Data Matching: Concepts and Techniques for Record Linkage, Entity Resolution, and Duplicate Detection

Springer Science & Business Media
1
Free sample

Data matching (also known as record or data linkage, entity resolution, object identification, or field matching) is the task of identifying, matching and merging records that correspond to the same entities from several databases or even within one database. Based on research in various domains including applied statistics, health informatics, data mining, machine learning, artificial intelligence, database management, and digital libraries, significant advances have been achieved over the last decade in all aspects of the data matching process, especially on how to improve the accuracy of data matching, and its scalability to large databases.
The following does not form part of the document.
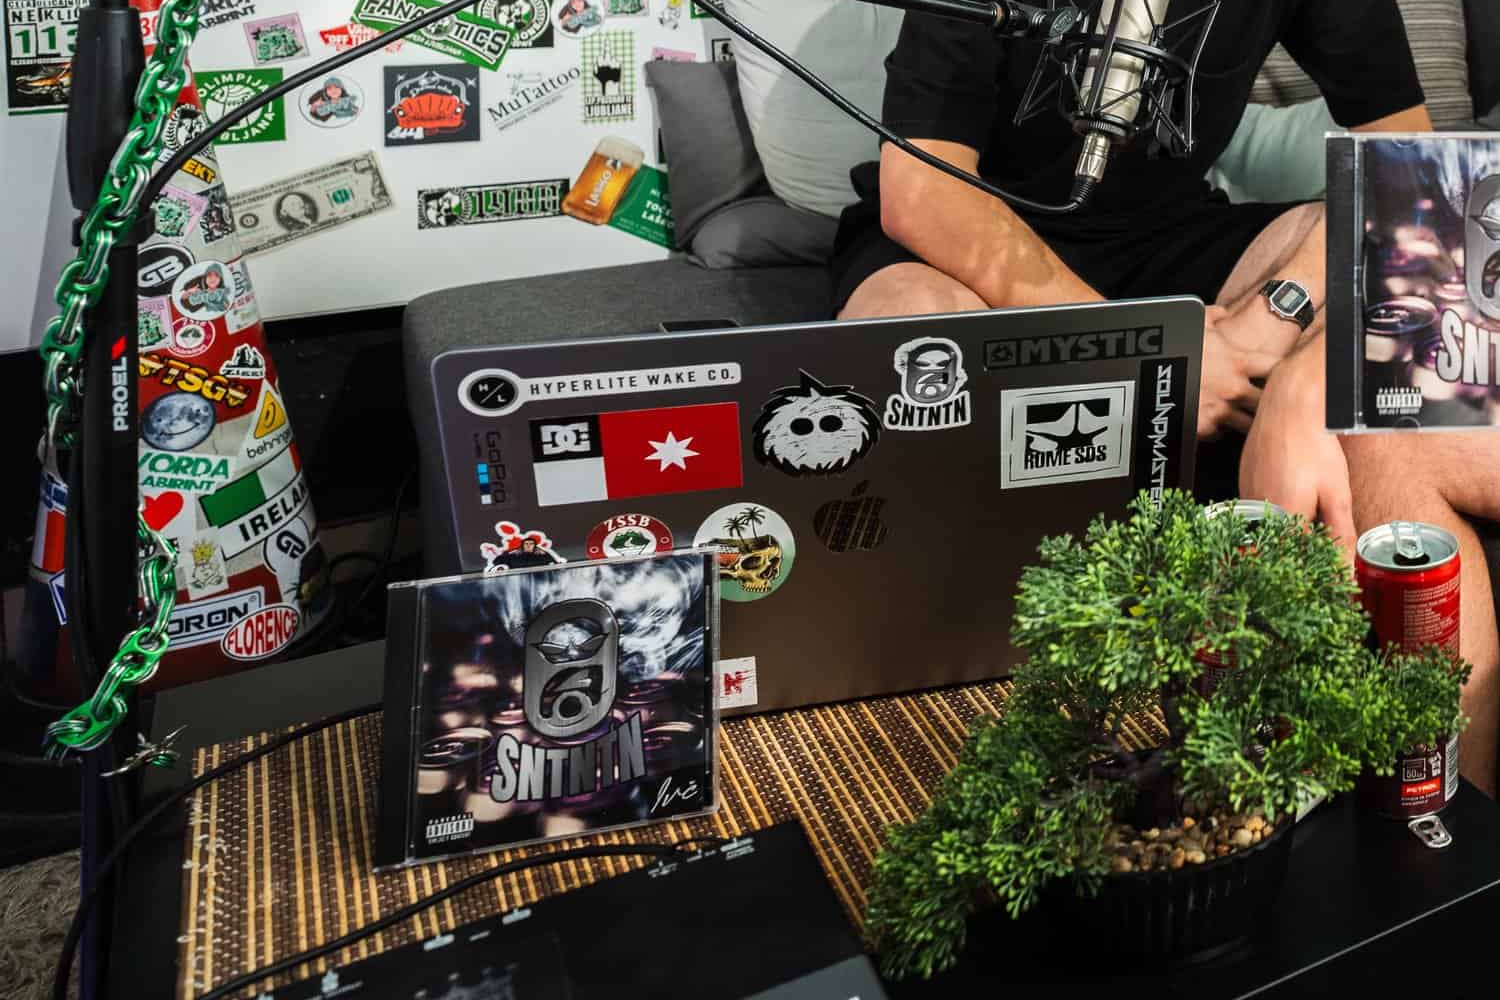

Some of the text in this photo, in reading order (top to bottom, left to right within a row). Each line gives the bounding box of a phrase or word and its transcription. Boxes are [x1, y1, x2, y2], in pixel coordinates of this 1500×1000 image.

Peter Christen’s book is divided into three parts: Part I, “Overview”, introduces the subject by presenting several sample applications and their special challenges, as well as a general overview of a generic data matching process. Part II, “Steps of the Data Matching Process”, then details its main steps like pre-processing, indexing, field and record comparison, classification, and quality evaluation. Lastly, part III, “Further Topics”, deals with specific aspects like privacy, real-time matching, or matching unstructured data. Finally, it briefly describes the main features of many research and open source systems available today.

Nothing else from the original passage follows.